Die Alpha-Ärzte hätten keine Lücke im Gesundheitssystem entdeckt, sondern ein Geschäftsmodell, sagt KV-Sprecher Karl Matthias Roth. Die Firma verdiene an der Bequemlichkeit der Menschen, die es sich leisten können. "Es gibt keine Versorgungslücke, es gibt nur eine Bequemlichkeitslücke - das ist ein Unterschied." Jeder bekomme im deutschen Gesundheitswesen die Versorgung, die er benötige, nur eben nicht immer sofort und bei sich zu Hause auf dem Sofa.

Private Krankenversicherer zahlen nur bei medizinisch erforderlichen Leistungen

Die Landesärztekammer Hessen hat Zweifel, ob das Modell der Alpha-Ärzte legal ist. "Nach der ärztlichen Berufsordnung müssen Ärzte, die Hausbesuche durchführen, niedergelassen sein. Die Ausübung ärztlicher Tätigkeit im Umherziehen ist berufswidrig", sagt Sprecherin Katja Möhrle. Auch private Krankenversicherer zahlten nur bei niedergelassenen Ärzten. "Weitere Voraussetzung für die Übernahme der Kosten ist, dass es sich um eine medizinisch erforderliche Leistung handelt."

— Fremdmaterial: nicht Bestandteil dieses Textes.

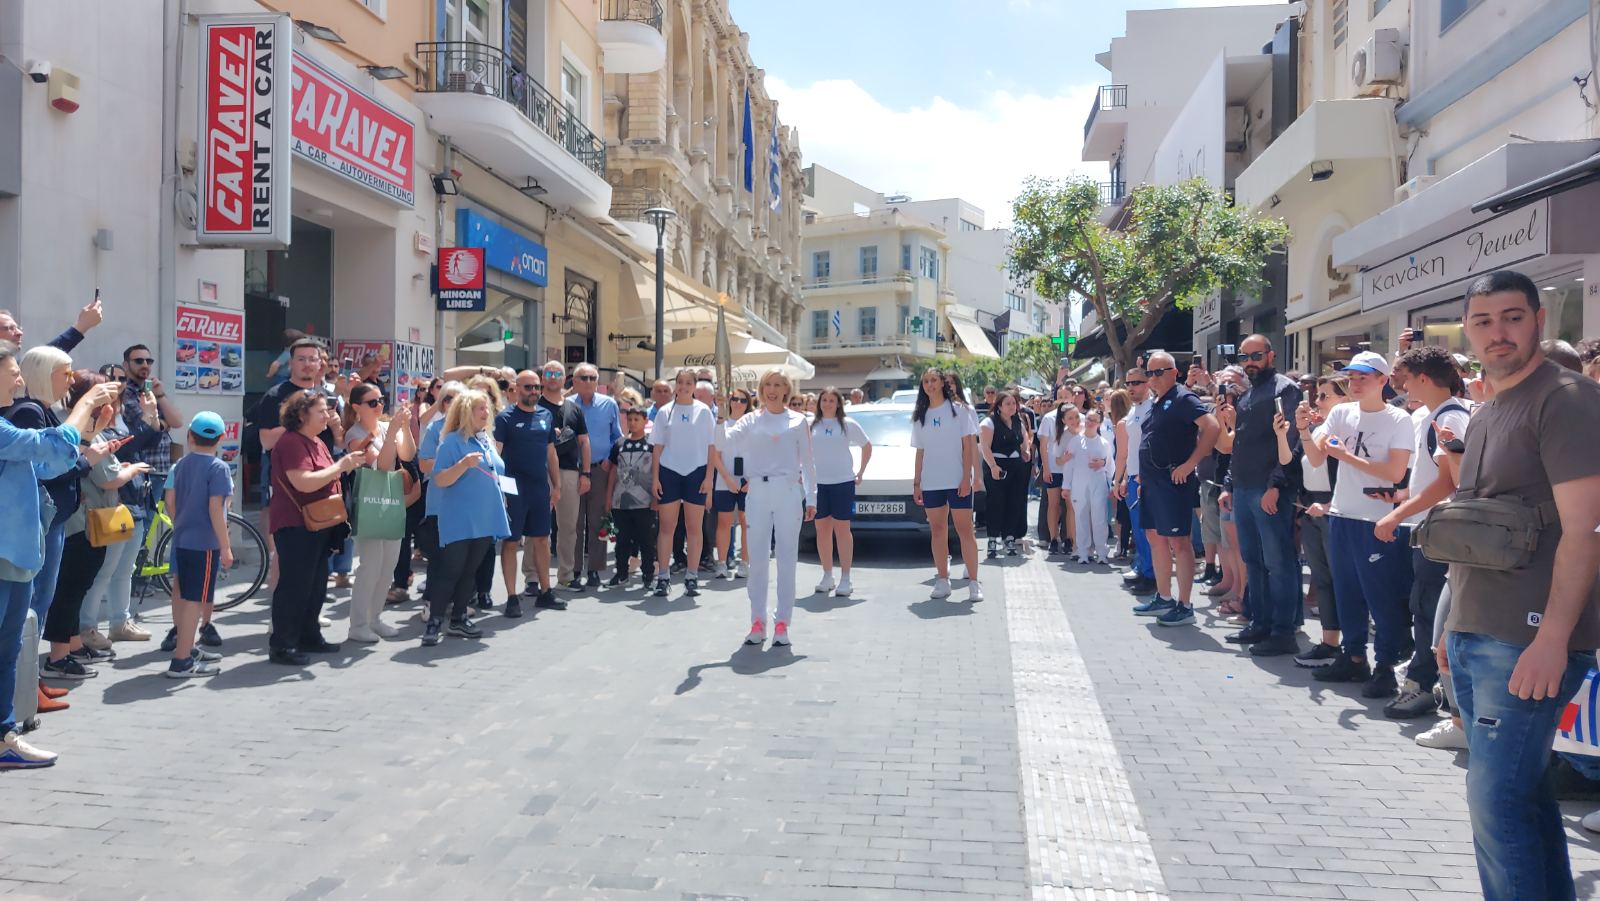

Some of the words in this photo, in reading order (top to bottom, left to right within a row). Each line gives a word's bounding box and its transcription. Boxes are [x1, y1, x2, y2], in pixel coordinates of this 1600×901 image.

[255, 29, 272, 96] CAR
[209, 33, 252, 224] CARAVEL
[254, 107, 271, 129] A
[253, 140, 270, 227] RENT
[295, 140, 303, 151] A
[308, 146, 328, 164] CAR
[340, 162, 413, 203] AUTOVERMIETUNG
[1466, 208, 1539, 273] Jewel
[440, 290, 482, 299] MINOAN
[446, 299, 474, 309] LINES
[177, 311, 240, 340] CARAVEL
[396, 343, 413, 371] RENT
[415, 345, 420, 371] A
[421, 347, 433, 373] CAR

Da die Alpha-Ärzte privatärztlich tätig sind, benötigten sie keinen Kassensitz, argumentiert Weiland. Alle Mediziner seien approbiert, jede Behandlung werde für den Hausarzt dokumentiert, abgerechnet werde nach der Gebührenordnung für Ärzte. Übrigens bezuschusse sogar manche gesetzliche Kasse die Kosten. Ja, es gebe Vorbehalte von Kollegen, aber die könne man im Gespräch schnell ausräumen: "Wir nehmen niemandem Patienten weg, sondern wir verbessern für alle die Versorgung", sagt Weiland.

Weder die Bundesärztekammer (BÄK) noch die Kassenärztliche Bundesvereinigung (KBV) äußerten sich zu dem Thema. Bei der KBV hieß es, es handle sich ja gerade um Angebote außerhalb des Leistungskatalogs der gesetzlichen Krankenversicherung; die BÄK erklärte, sie prüfe weder Geschäftsmodelle auf ihre rechtliche Zulässigkeit noch überwache sie das ärztliche Berufsrecht.

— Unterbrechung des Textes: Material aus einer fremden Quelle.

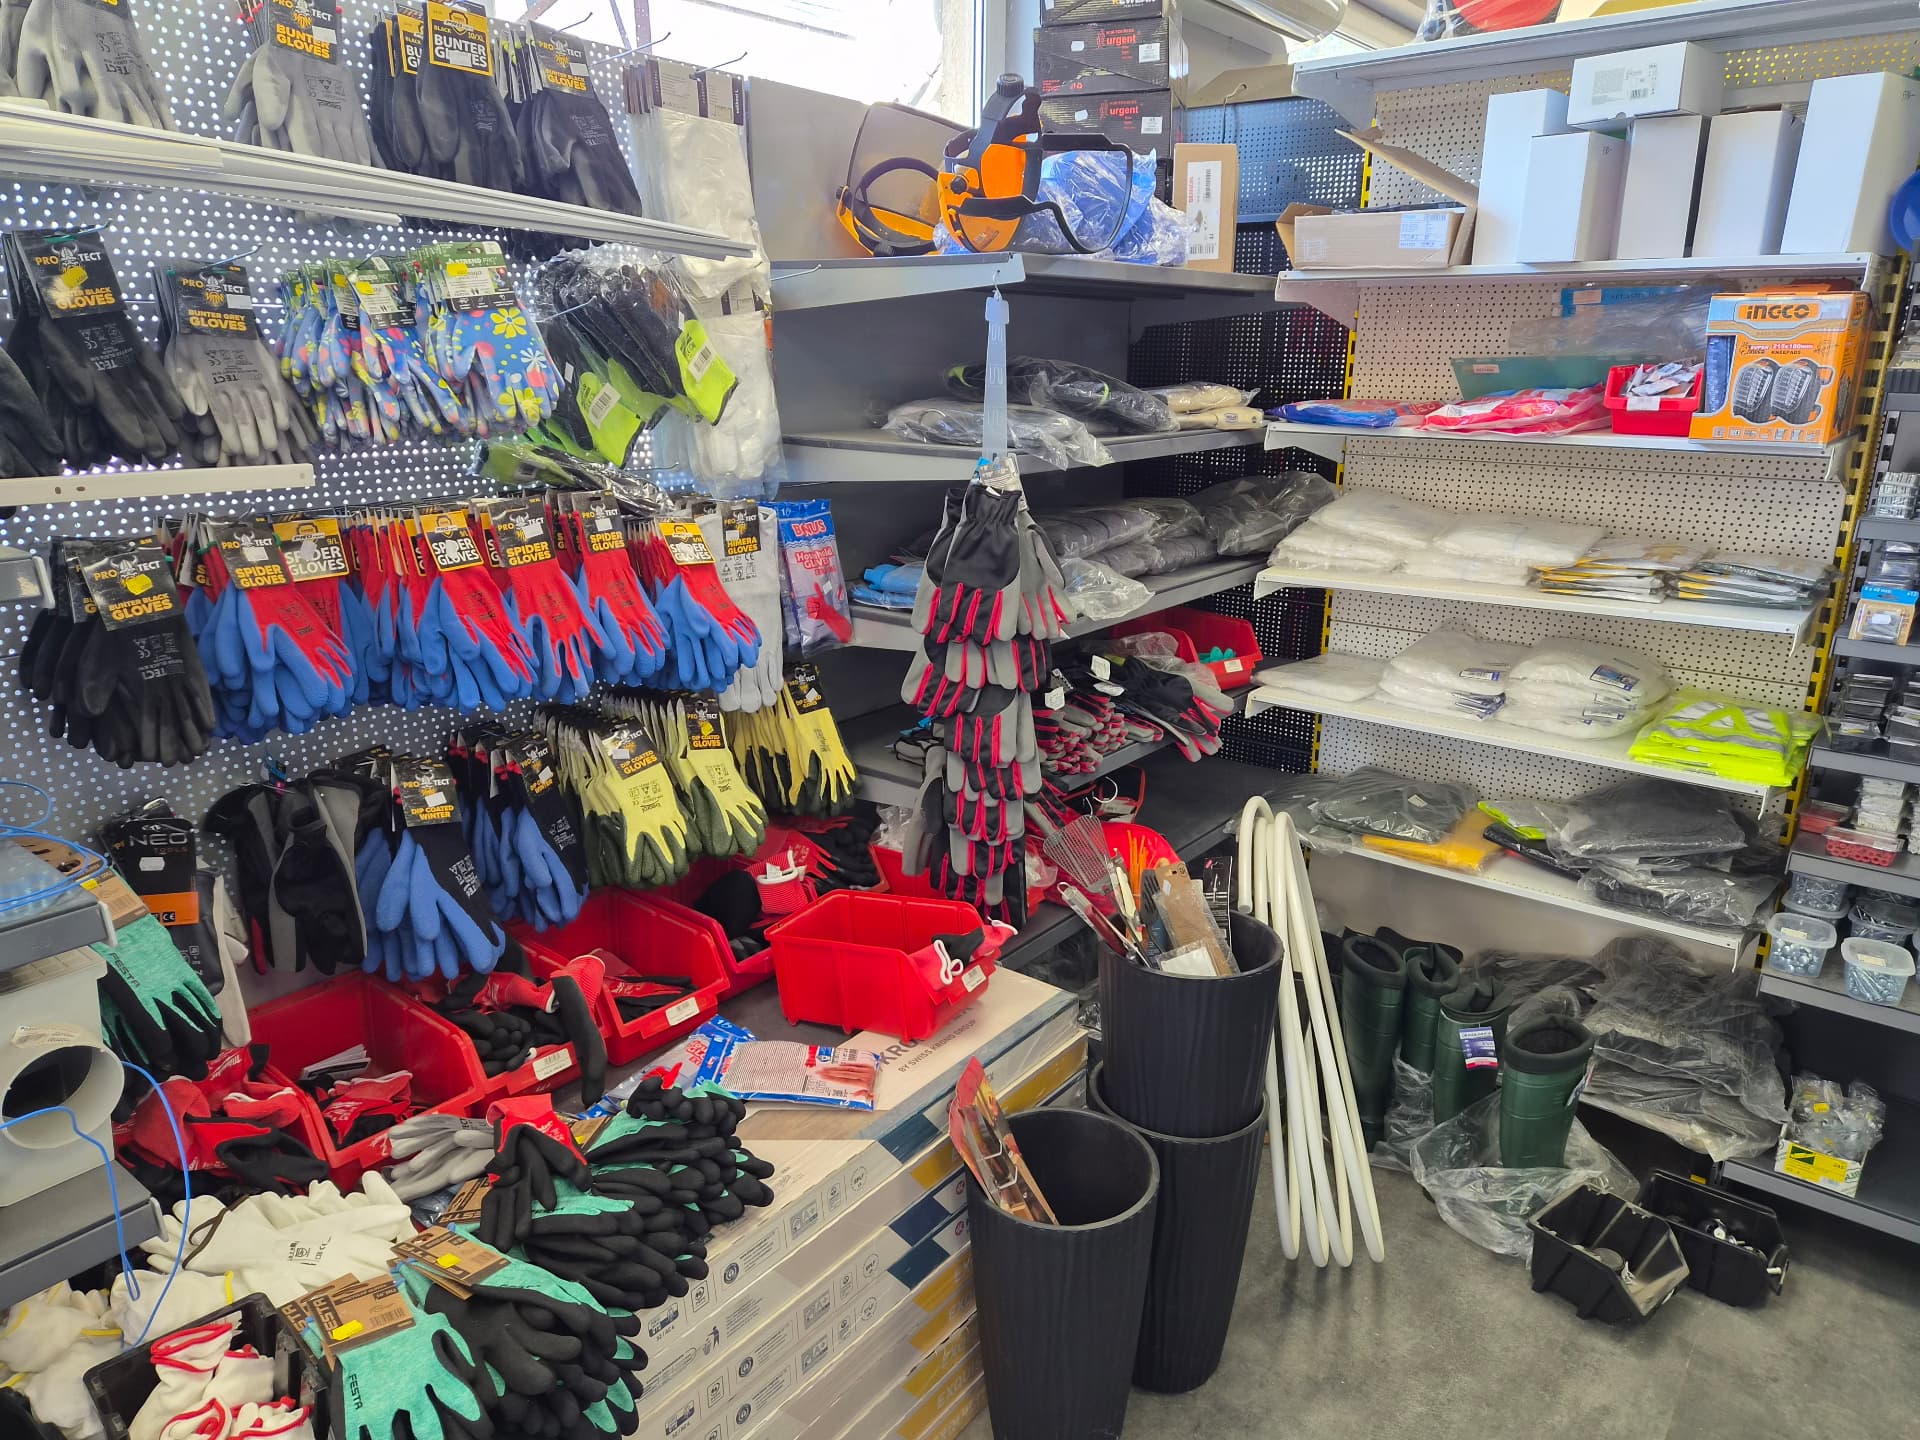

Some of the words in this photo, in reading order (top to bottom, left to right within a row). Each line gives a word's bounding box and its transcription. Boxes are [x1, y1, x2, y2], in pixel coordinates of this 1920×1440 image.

[311, 8, 332, 21] TECT
[433, 25, 452, 34] BLACK
[276, 34, 330, 59] GLOVES
[434, 34, 486, 56] BUNTER
[1106, 34, 1136, 46] urgent
[434, 46, 487, 68] GLES
[547, 74, 586, 91] GLOVES
[1110, 106, 1139, 117] urgent
[35, 256, 59, 266] PRO
[78, 252, 101, 262] TECT
[84, 287, 112, 296] BLACK
[182, 278, 204, 288] PRO
[222, 284, 244, 294] TECT
[56, 293, 115, 309] GLOVES
[188, 309, 222, 318] BUNTER
[190, 317, 247, 331] GLOVES
[95, 359, 117, 371] TECT
[213, 374, 239, 384] TECT
[497, 522, 514, 531] PRO
[527, 517, 544, 525] TECT
[589, 531, 623, 543] SPIDER
[221, 541, 240, 550] PRO
[254, 539, 273, 547] TECT
[432, 538, 474, 555] SPDER
[506, 542, 549, 558] SPIDER
[592, 539, 625, 551] GLOVES
[728, 544, 758, 555] GLOVES
[285, 546, 342, 564] SPDER
[437, 550, 480, 566] GLOVES
[509, 551, 551, 566] GLOVES
[93, 570, 118, 581] PRO
[137, 561, 160, 572] TECT
[235, 564, 282, 578] SPIDER
[289, 558, 345, 575] GLOVES
[240, 574, 286, 588] GLOVES
[109, 599, 141, 611] BUNTER
[142, 593, 170, 603] BLACK
[111, 599, 173, 620] GLOVES
[141, 667, 167, 681] TECT
[693, 740, 720, 748] GLOVES
[621, 761, 631, 769] DIP
[632, 750, 654, 762] COATED
[623, 754, 657, 775] GLOVES
[426, 805, 454, 813] COATED
[419, 812, 451, 821] WINTER
[129, 833, 189, 847] NEO
[162, 913, 175, 921] CE
[111, 952, 141, 988] FESTA
[898, 1065, 909, 1073] BY
[908, 1048, 933, 1066] SWISS
[931, 1033, 956, 1052] KRONO
[955, 1019, 977, 1038] GROUP
[281, 1304, 307, 1333] STA
[348, 1373, 363, 1410] FESTA

Dienstleistungen für Privatversicherte und Selbstzahler seien im Kommen, sagt Thilo Kaltenbach, Gesundheitsexperte bei der Unternehmensberatung Roland Berger. "Sicherlich ist der Markt für diese Art von Diensten momentan noch sehr klein, doch dahinter steckt noch Potenzial." Es gebe zum Beispiel Apps, mit denen Patienten einen Arzt rufen können. "Wenn die Digitalisierung des Gesundheitswesens in den kommenden Jahren weiter voranschreitet, werden sich solche Dienstleistungen in Verbindung mit der digitalen Gesundheitskarte auf dem Markt verstärkt etablieren."

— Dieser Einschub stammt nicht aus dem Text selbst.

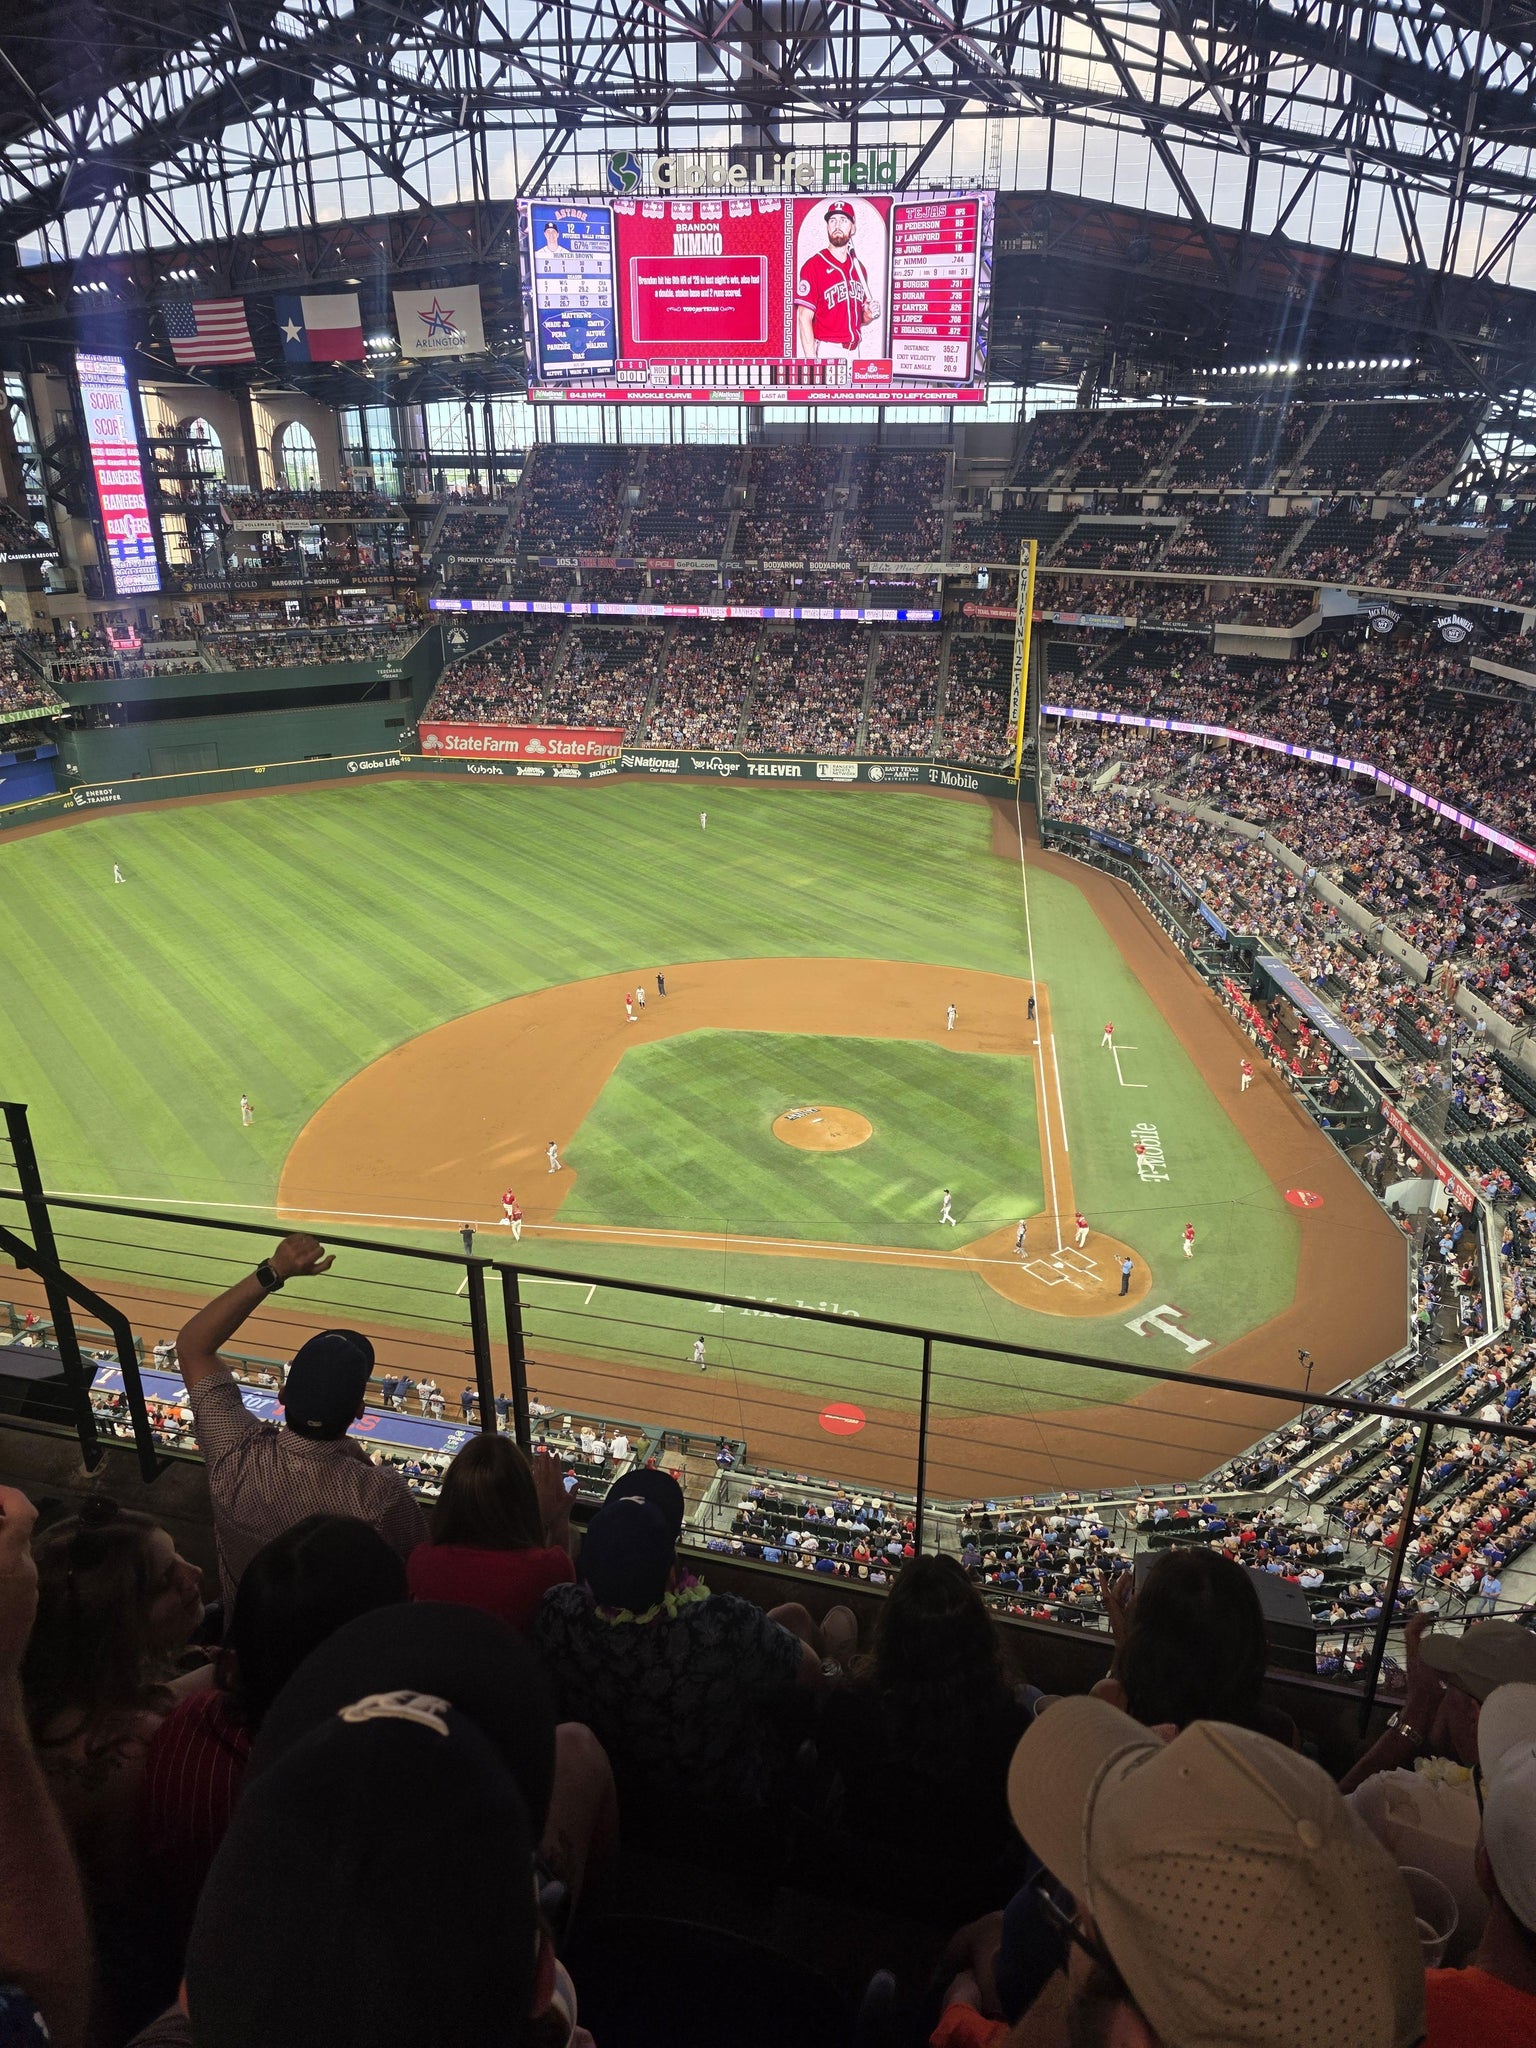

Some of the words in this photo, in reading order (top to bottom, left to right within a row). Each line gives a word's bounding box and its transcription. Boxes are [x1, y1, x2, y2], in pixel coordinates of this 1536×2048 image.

[652, 155, 748, 189] Globe
[755, 151, 815, 187] Life
[822, 150, 897, 186] Field
[555, 208, 588, 221] ASTROS
[906, 205, 946, 219] TEJAS
[675, 223, 720, 232] BRANDON
[904, 220, 940, 230] PEDERSON
[904, 232, 940, 242] LANGFORD
[673, 233, 723, 256] NIMMO
[904, 246, 922, 254] JUNG
[903, 257, 927, 265] NIMMO
[902, 280, 929, 289] BURGER
[901, 303, 928, 311] CARTER
[415, 336, 466, 348] ARLINGTON
[942, 345, 960, 353] 352.7
[653, 366, 667, 374] HOU
[943, 364, 957, 372] 20.9
[854, 372, 889, 380] Budweiser
[98, 469, 141, 486] RANGERS
[101, 493, 147, 511] RANGERS
[106, 514, 152, 539] RANGERS
[457, 556, 484, 564] PRIORITY
[556, 558, 579, 566] 105.3
[655, 560, 672, 568] PGL
[676, 561, 716, 569] GoPGL.com
[763, 561, 804, 569] BODYARMOR
[809, 561, 851, 569] BODYARMOR
[193, 581, 231, 590] PRIORITY
[234, 580, 258, 588] GOLD
[351, 576, 394, 584] PLUCKERS
[1016, 568, 1028, 638] CHIKIN
[1367, 608, 1381, 620] JACK
[1381, 605, 1402, 623] DANIEL'S
[1437, 615, 1452, 629] JACK
[1451, 614, 1474, 633] DANIEL'S
[1014, 643, 1023, 666] IZ
[1010, 673, 1021, 720] FARE
[8, 704, 60, 722] STAFFING
[359, 760, 384, 769] Globe
[384, 758, 400, 767] Life
[634, 756, 680, 769] National
[705, 756, 740, 777] Kroger
[467, 765, 504, 775] Kubota
[589, 768, 618, 778] HONDA
[940, 771, 979, 790] Mobile
[85, 788, 113, 797] ENERGY
[63, 800, 74, 808] 410
[86, 794, 121, 804] TRANSFER
[1389, 1112, 1403, 1132] SPEC'S
[1455, 1184, 1473, 1207] SPEC'S
[1124, 1304, 1216, 1355] T

So setzen die Alpha-Ärzte auch auf Video-Sprechstunden. Seit das sogenannte Fernbehandlungsverbot gelockert wurde, ist es unter bestimmten Bedingungen erlaubt Patienten zu behandeln, ohne sie persönlich zu treffen. Das Angebot soll Weiland zufolge in Zukunft stark ausgebaut werden.